With support from the Chemical Measurement and Imaging Program in the Division of Chemistry, Professor Kristina Hakansson and her group at the University of Michigan are working to improve our ability to characterize the chemical structure of molecules, including especially biomolecules such as proteins. Such structural analysis is essential to help us understand the function (and dysfunction) of molecules in complex samples, e.g., biofluids, cells, and tissues. The Hakansson approach employs the attachment of electrons to gaseous anions (negatively charged molecules), inducing diagnostic fragmentation of the target molecule in a process termed negative ion electron capture dissociation (niECD).
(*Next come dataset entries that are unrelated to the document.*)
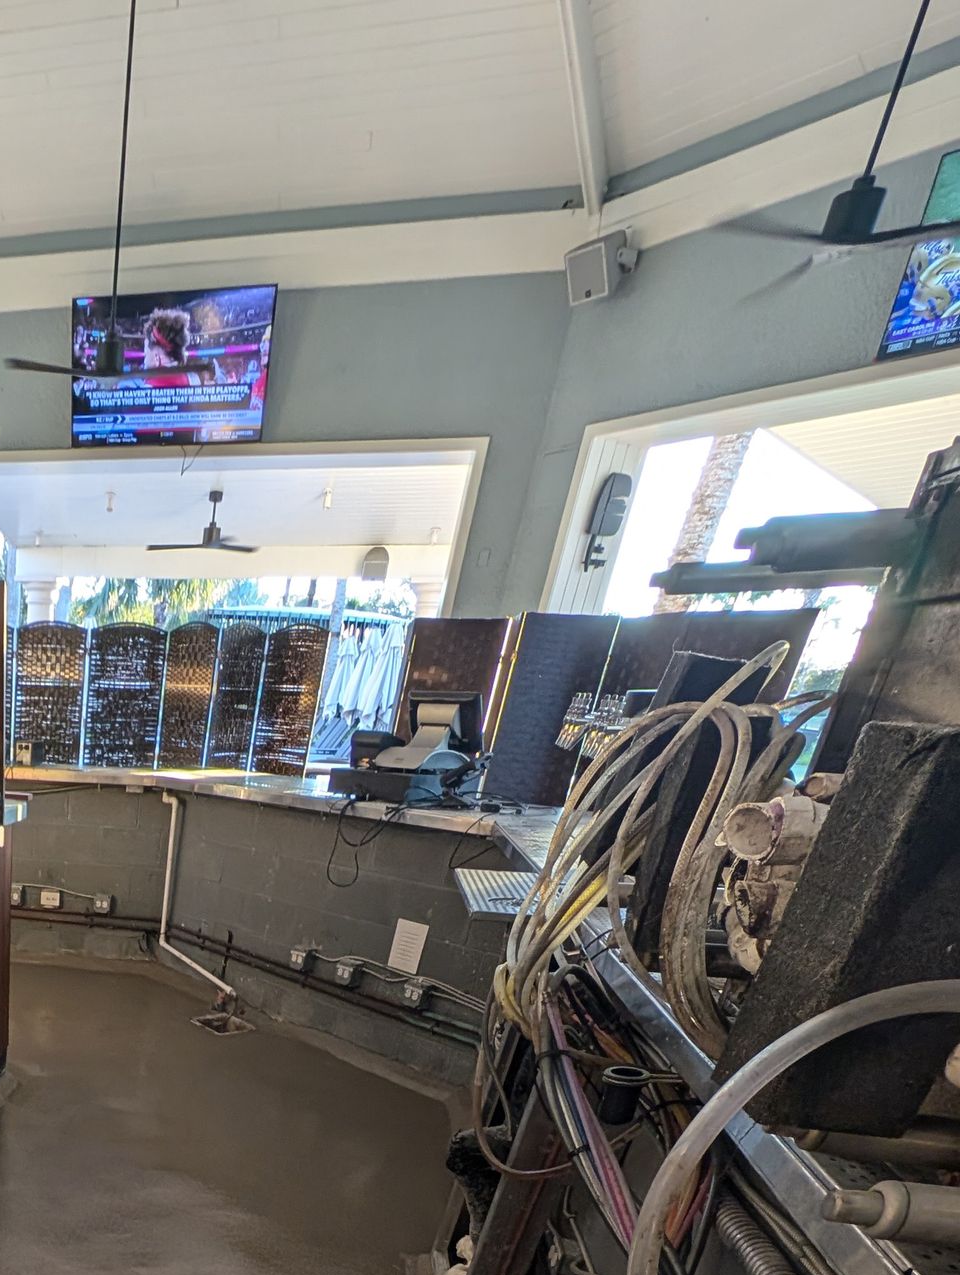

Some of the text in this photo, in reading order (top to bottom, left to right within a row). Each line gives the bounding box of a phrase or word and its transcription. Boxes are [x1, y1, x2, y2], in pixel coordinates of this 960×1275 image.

[92, 391, 112, 400] KNOW
[124, 389, 151, 398] HAVEN'T
[151, 388, 175, 397] BEATEN
[176, 387, 194, 396] THEM
[194, 387, 203, 395] IN
[203, 386, 215, 395] THE
[90, 399, 99, 408] SO
[99, 398, 122, 407] THAT'S
[122, 398, 134, 406] THE
[134, 397, 151, 405] ONLY
[152, 396, 171, 404] THING
[172, 396, 188, 404] THAT
[189, 395, 210, 403] KINDA
Adding electrons (which bear a negative charge) to anions (which also are negatively charged) is challenging, due to charge repulsion. Having developed this method, Dr. Hakansson is now working to improve our understanding and broaden the applicability and availability of niECD. The research is providing new approaches to biomolecular structural characterization with important implications for drug discovery and enhanced understanding of the molecular basis of living organisms. Students involved gain exposure to highly interdisciplinary research. Dr. Hakansson also works to bring appreciation for these concepts and for broader STEM opportunities to middle school students in an effort to boost interest in the scientific method at a young age.
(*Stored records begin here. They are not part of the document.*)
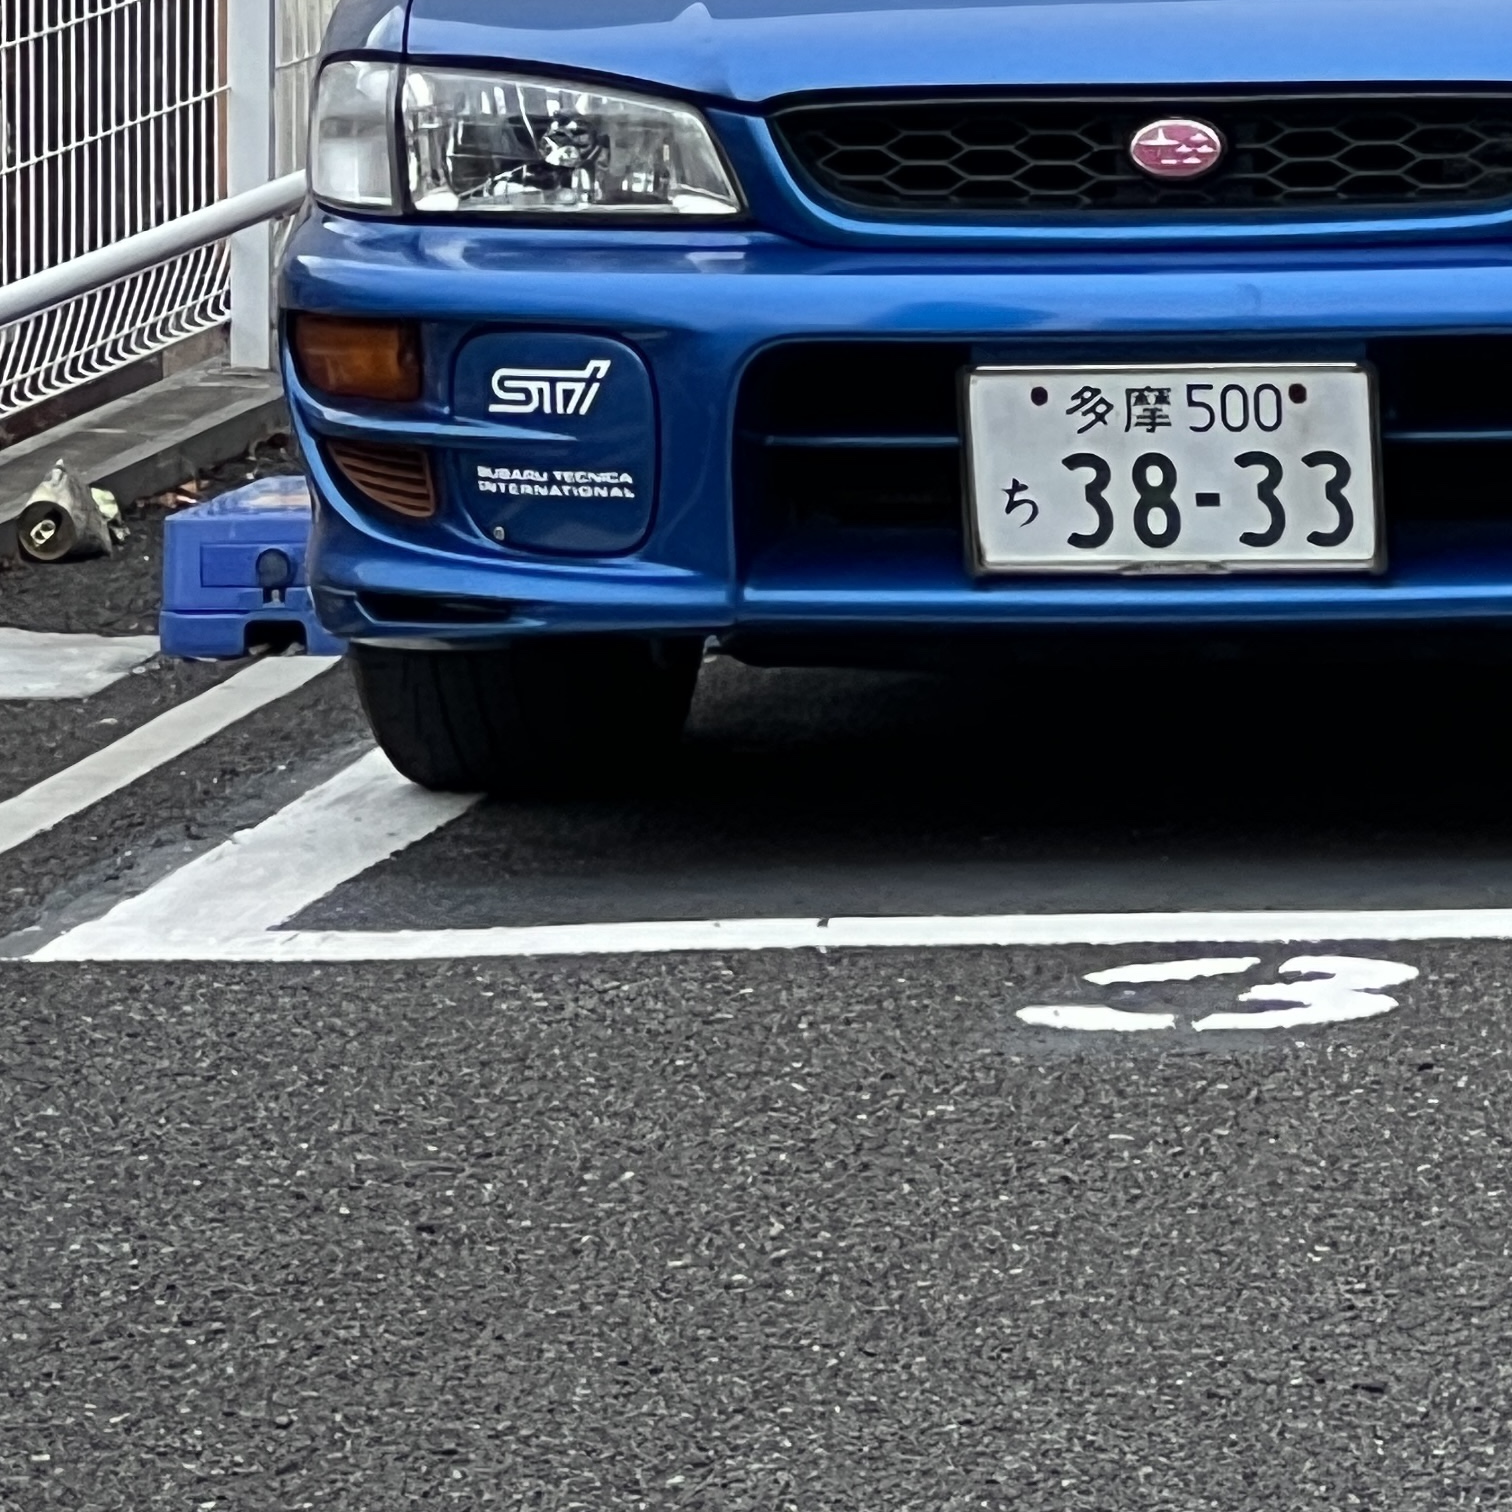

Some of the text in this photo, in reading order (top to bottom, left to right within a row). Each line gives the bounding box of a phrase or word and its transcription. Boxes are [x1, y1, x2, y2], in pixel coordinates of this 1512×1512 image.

[477, 465, 633, 484] SUBARU TECNICA
[478, 480, 635, 499] INTERNATIONAL
[1002, 451, 1354, 549] ち 38-33
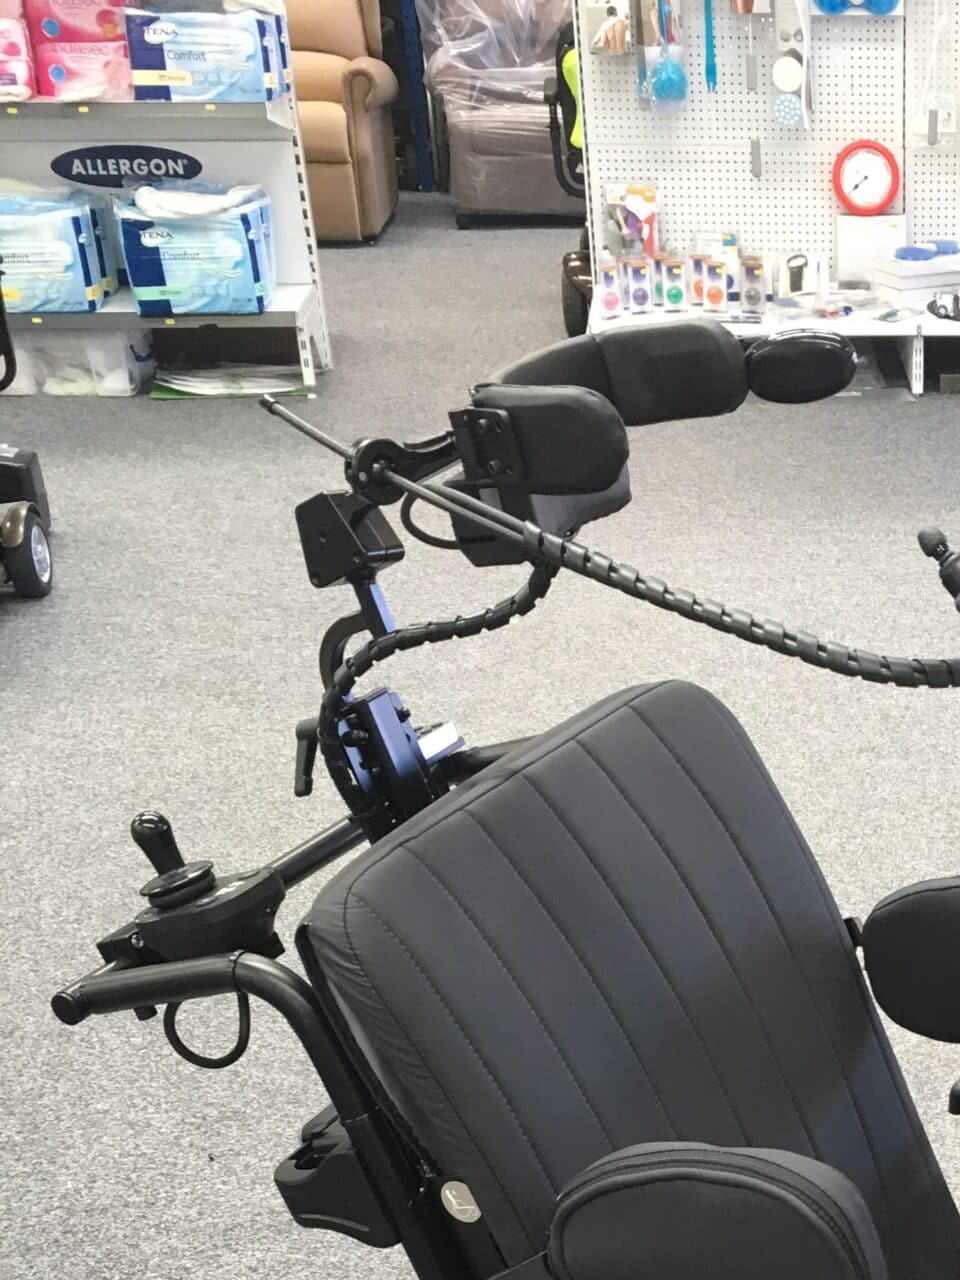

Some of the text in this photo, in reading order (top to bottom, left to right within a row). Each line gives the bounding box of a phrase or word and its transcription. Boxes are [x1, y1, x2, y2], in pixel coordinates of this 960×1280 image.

[143, 25, 179, 36] TENA
[166, 49, 207, 62] Comfort
[142, 230, 174, 239] TENA
[162, 250, 201, 262] Comfort
The Hakansson group is exploring novel niECD instrument configurations, including extension to matrix-assisted laser desorption/ionization and nano-electrospray ionization. They are working to implement niECD in a high pressure cell, enabling use with mass analyzers other than Fourier transform ion cyclotron resonance (FT-ICR). In pursuit of improved insight into the fundamental chemistry underlying niECD, they are pursuing two approaches (drift tube ion mobility and cross-sectional areas by FT-ICR, or CRAFTI (cross-sectional areas by FT-ICR) to testing Dr. Hakansson?s recent findings that compact, presumably salt-bridged structures are required for effective niECD of peptides. These efforts are supported by molecular modeling and density functional theory calculations, with a special focus on novel analyte classes such as carbohydrates and lipids, which were recently discovered by the Hakansson group to undergo niECD despite not fitting the previously proposed zwitterion mechanism.
This award reflects NSF's statutory mission and has been deemed worthy of support through evaluation using the Foundation's intellectual merit and broader impacts review criteria.